Closed-loop real-time simulation model of hemodynamics and oxygen transport in the cardiovascular system

Affiliations

Closed-loop real-time simulation model of hemodynamics and oxygen transport in the cardiovascular system

Michael Broomé et al. Biomed Eng Online. .

Abstract

Background: Computer technology enables realistic simulation of cardiovascular physiology. The increasing number of clinical surgical and medical treatment options imposes a need for better understanding of patient-specific pathology and outcome prediction.

Methods: A distributed lumped parameter real-time closed-loop model with 26 vascular segments, cardiac modelling with time-varying elastance functions and gradually opening and closing valves, the pericardium, intrathoracic pressure, the atrial and ventricular septum, various pathological states and including oxygen transport has been developed.
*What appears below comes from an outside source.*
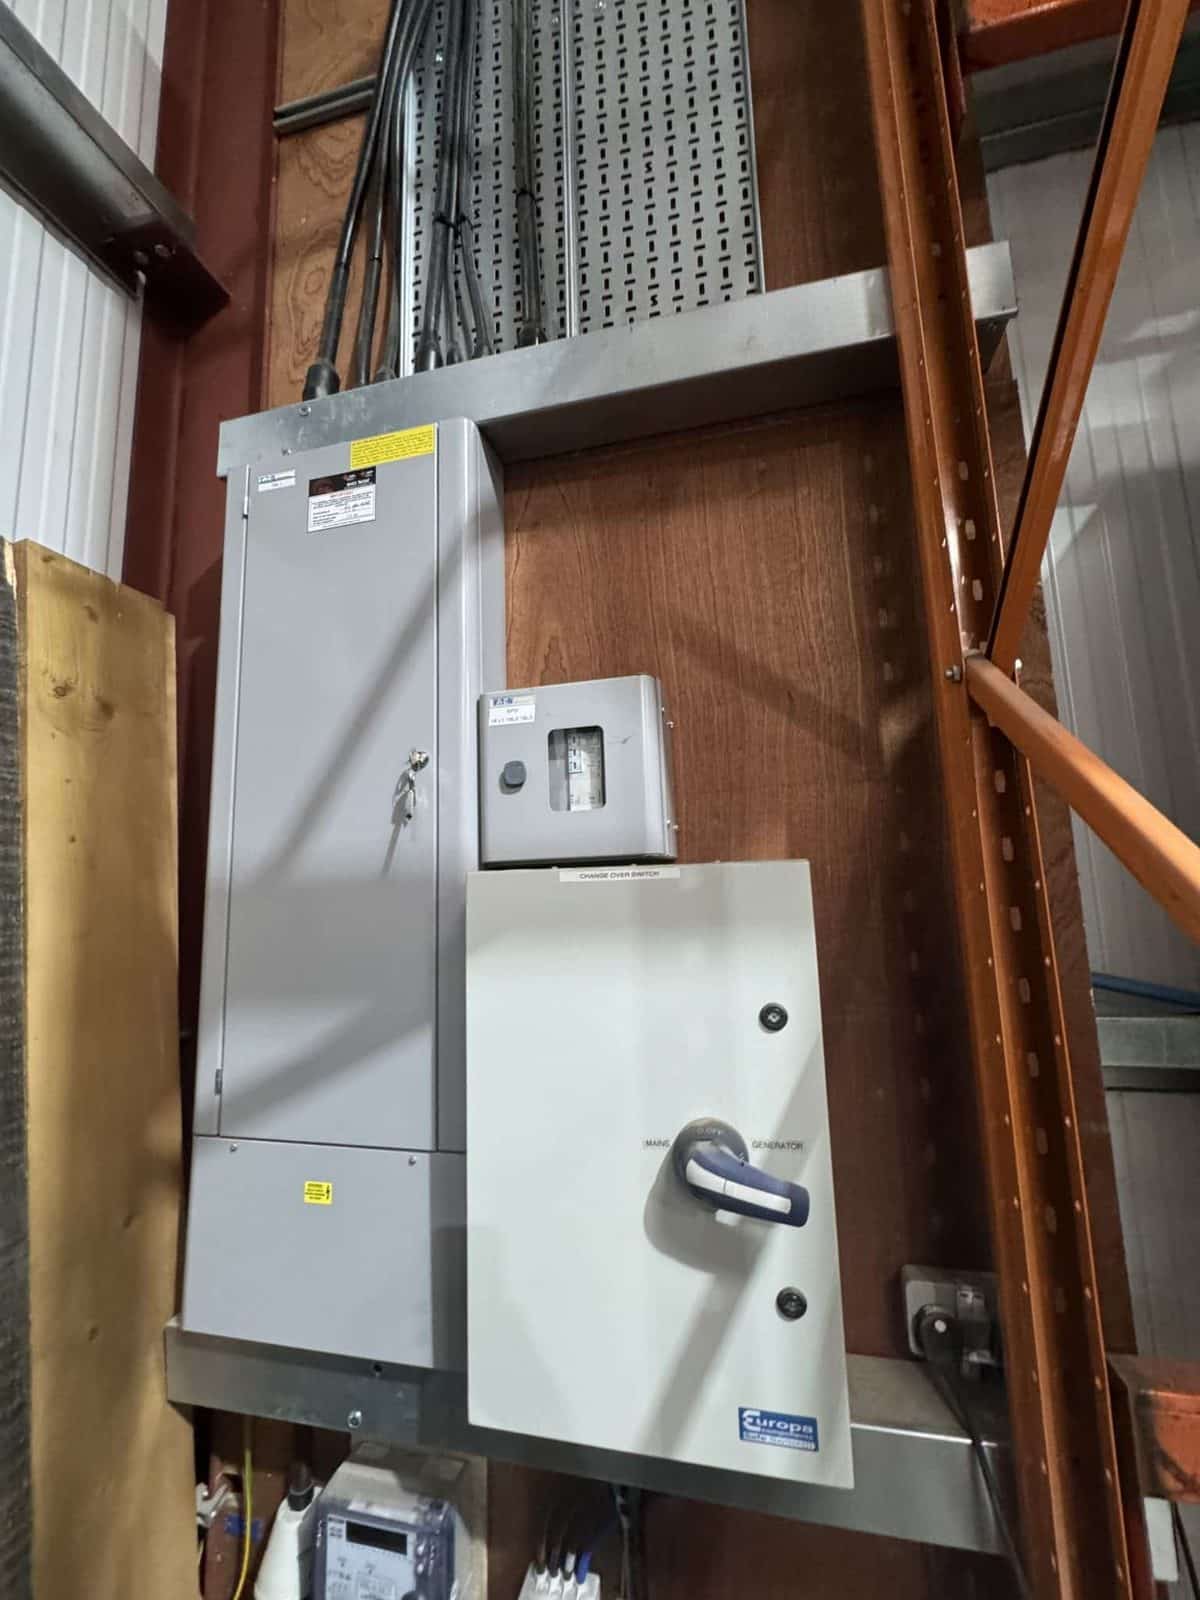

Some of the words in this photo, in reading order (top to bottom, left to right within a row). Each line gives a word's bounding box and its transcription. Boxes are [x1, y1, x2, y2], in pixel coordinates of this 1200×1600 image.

[645, 1139, 672, 1148] MAINS
[752, 1139, 804, 1151] GENERATOR
[742, 1409, 814, 1434] Europa
Results: Model output is pressure, volume, flow and oxygen saturation from every cardiac and vascular compartment. The model produces relevant clinical output and validation of quantitative data in normal physiology and qualitative directions in simulation of pathological states show good agreement with published data.

Conclusion: The results show that it is possible to build a clinically relevant real-time computer simulation model of the normal adult cardiovascular system. It is suggested that understanding qualitative interaction between physiological parameters in health and disease may be improved by using the model, although further model development and validation is needed for quantitative patient-specific outcome prediction.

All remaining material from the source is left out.